CUBA: CPJ concerned by reports of mistreatment of jailed journalists

New York, April 6, 2006—The Committee to Protect Journalists is
concerned by reports that one jailed independent Cuban journalist has
been beaten, a second has been denied medical treatment in prison, and a
third has been threatened with detention for her writing.

On March 28, independent journalist Normando Hernández González was
thrown down a flight of stairs by a prison guard, the President of the
Cuban Foundation for Human Rights, Juan Carlos González Leiva, told CPJ.
Other guards then dragged Hernández down a hall and locked him in a cell
for seven hours, said González Leiva, who spoke to the prisoner by
telephone on March 29. Hernández suffered multiple bruises and a
sprained ankle.

González Leiva said that previously guards have twisted Hernández’s
arms and beaten the soles of his feet with a wooden board.

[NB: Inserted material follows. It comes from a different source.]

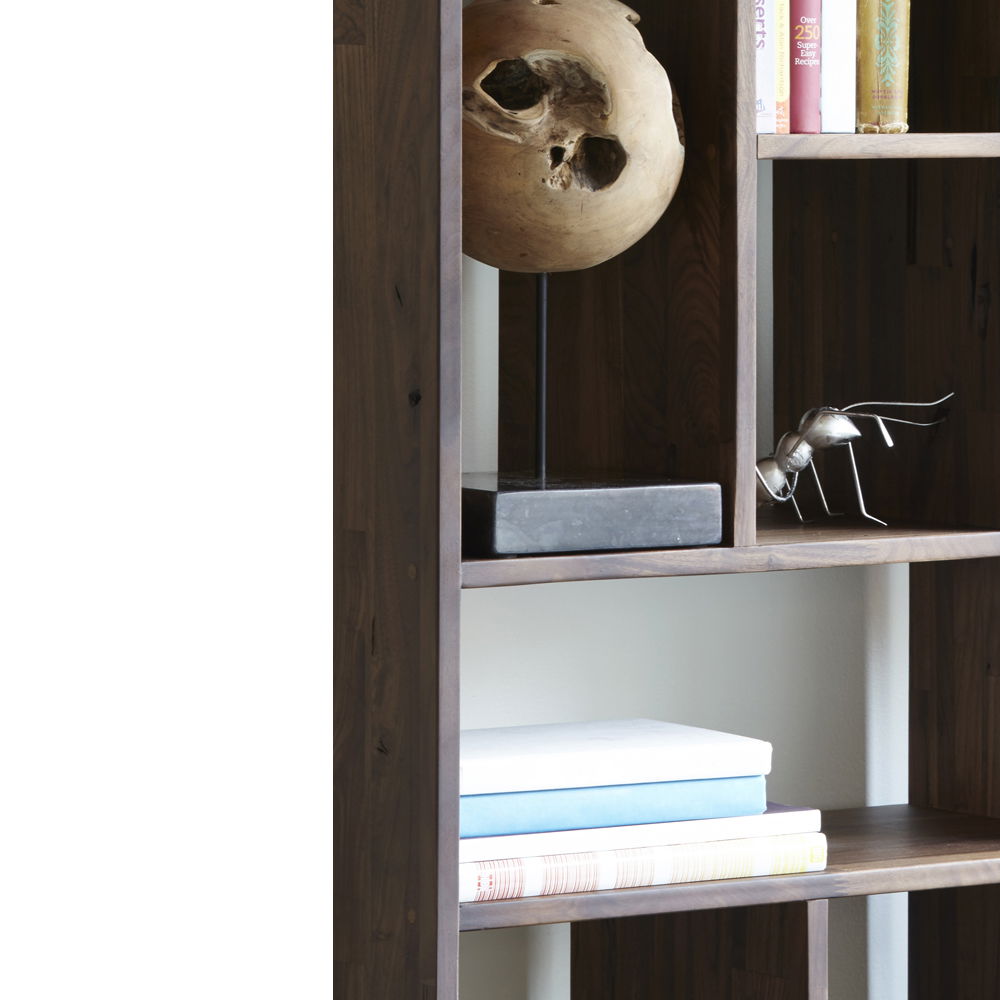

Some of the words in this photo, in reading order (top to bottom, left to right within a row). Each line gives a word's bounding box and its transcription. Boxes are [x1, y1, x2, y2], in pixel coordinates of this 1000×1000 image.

The beatings
came after Hernández demanded medical attention, refused to stand in
line, and protested his incarceration with common criminals, González
Leiva said.

Hernández, from the press group Colegio de Periodistas
Independientes de Camagüey, was sentenced in March 2003 to 25 years in
prison. He is serving his sentence at the Kilo 5½ Prison in Pinar del
Río, 435 miles (700 kilometers) northwest of his home in Camagüey. His
health has deteriorated in prison, González Leiva said.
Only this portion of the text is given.